§ WORK ITEM
The records below are to be repeated exactly, and their pictures left out.

§ SUPPLIED MATERIAL
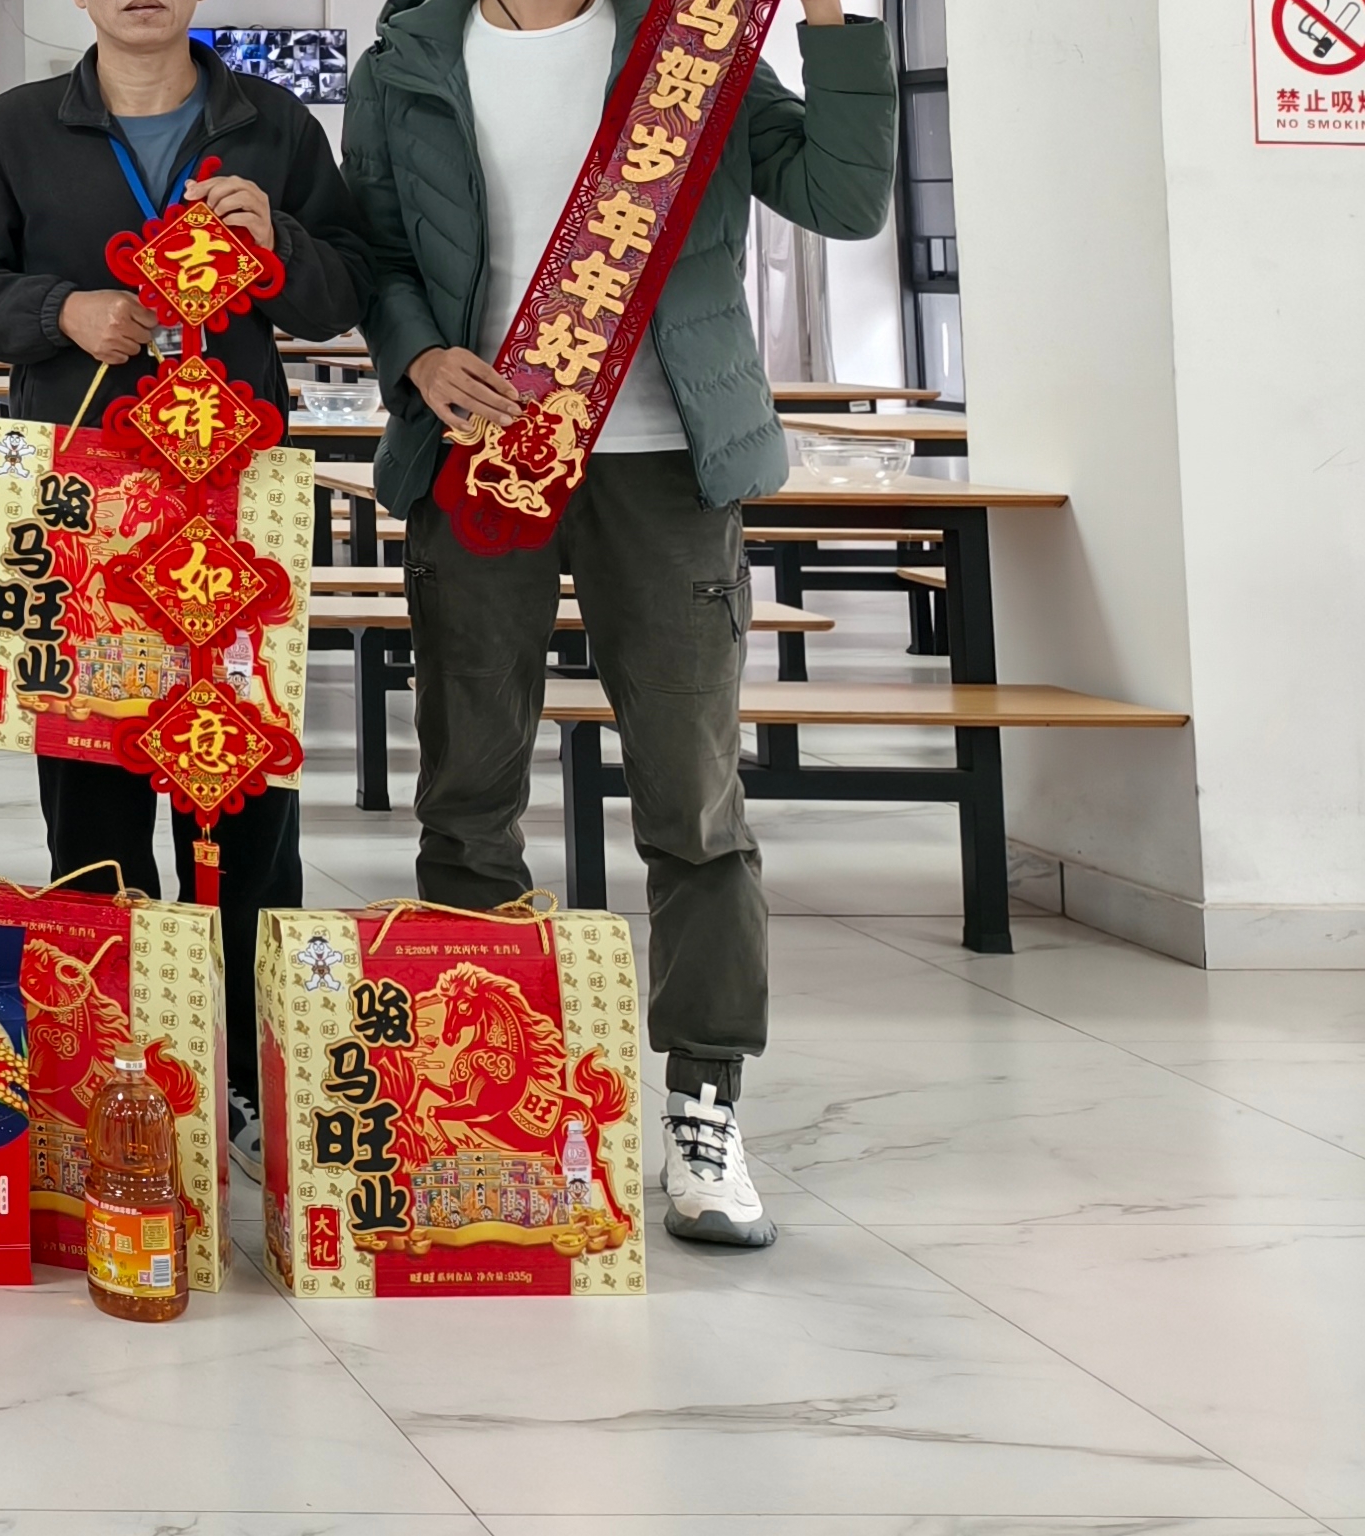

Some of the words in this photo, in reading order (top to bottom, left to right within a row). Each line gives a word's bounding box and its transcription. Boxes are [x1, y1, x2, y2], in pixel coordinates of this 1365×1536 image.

[1277, 119, 1299, 128] NO
[164, 229, 231, 292] 吉
[158, 384, 225, 447] 祥
[169, 541, 234, 605] 如
[67, 736, 111, 750] 旺旺系列
[172, 709, 239, 773] 意
[583, 927, 599, 941] 旺
[343, 952, 359, 966] 旺
[559, 951, 575, 965] 旺
[614, 951, 630, 965] 旺
[589, 975, 605, 989] 旺
[293, 999, 309, 1013] 旺
[564, 998, 580, 1012] 旺
[618, 998, 634, 1012] 旺
[321, 1022, 337, 1036] 旺
[593, 1022, 609, 1036] 旺
[295, 1045, 311, 1059] 旺
[620, 1044, 636, 1058] 旺
[296, 1092, 312, 1106] 旺
[314, 983, 412, 1232] 骏马旺业
[524, 1095, 557, 1124] 旺
[623, 1136, 639, 1150] 旺
[299, 1185, 315, 1199] 旺
[624, 1182, 640, 1196] 旺
[312, 1215, 336, 1262] 大礼
[601, 1253, 617, 1267] 旺
[302, 1278, 318, 1292] 旺
[357, 1278, 373, 1292] 旺
[574, 1275, 590, 1289] 旺
[627, 1274, 643, 1288] 旺

§ RESULT OF THE EXERCISE
Some of the words in this photo, in reading order (top to bottom, left to right within a row). Each line gives a word's bounding box and its transcription. Boxes are [x1, y1, x2, y2], in pixel coordinates of this 1365×1536 image.

[1277, 119, 1299, 128] NO
[164, 229, 231, 292] 吉
[158, 384, 225, 447] 祥
[169, 541, 234, 605] 如
[67, 736, 111, 750] 旺旺系列
[172, 709, 239, 773] 意
[583, 927, 599, 941] 旺
[343, 952, 359, 966] 旺
[559, 951, 575, 965] 旺
[614, 951, 630, 965] 旺
[589, 975, 605, 989] 旺
[293, 999, 309, 1013] 旺
[564, 998, 580, 1012] 旺
[618, 998, 634, 1012] 旺
[321, 1022, 337, 1036] 旺
[593, 1022, 609, 1036] 旺
[295, 1045, 311, 1059] 旺
[620, 1044, 636, 1058] 旺
[296, 1092, 312, 1106] 旺
[314, 983, 412, 1232] 骏马旺业
[524, 1095, 557, 1124] 旺
[623, 1136, 639, 1150] 旺
[299, 1185, 315, 1199] 旺
[624, 1182, 640, 1196] 旺
[312, 1215, 336, 1262] 大礼
[601, 1253, 617, 1267] 旺
[302, 1278, 318, 1292] 旺
[357, 1278, 373, 1292] 旺
[574, 1275, 590, 1289] 旺
[627, 1274, 643, 1288] 旺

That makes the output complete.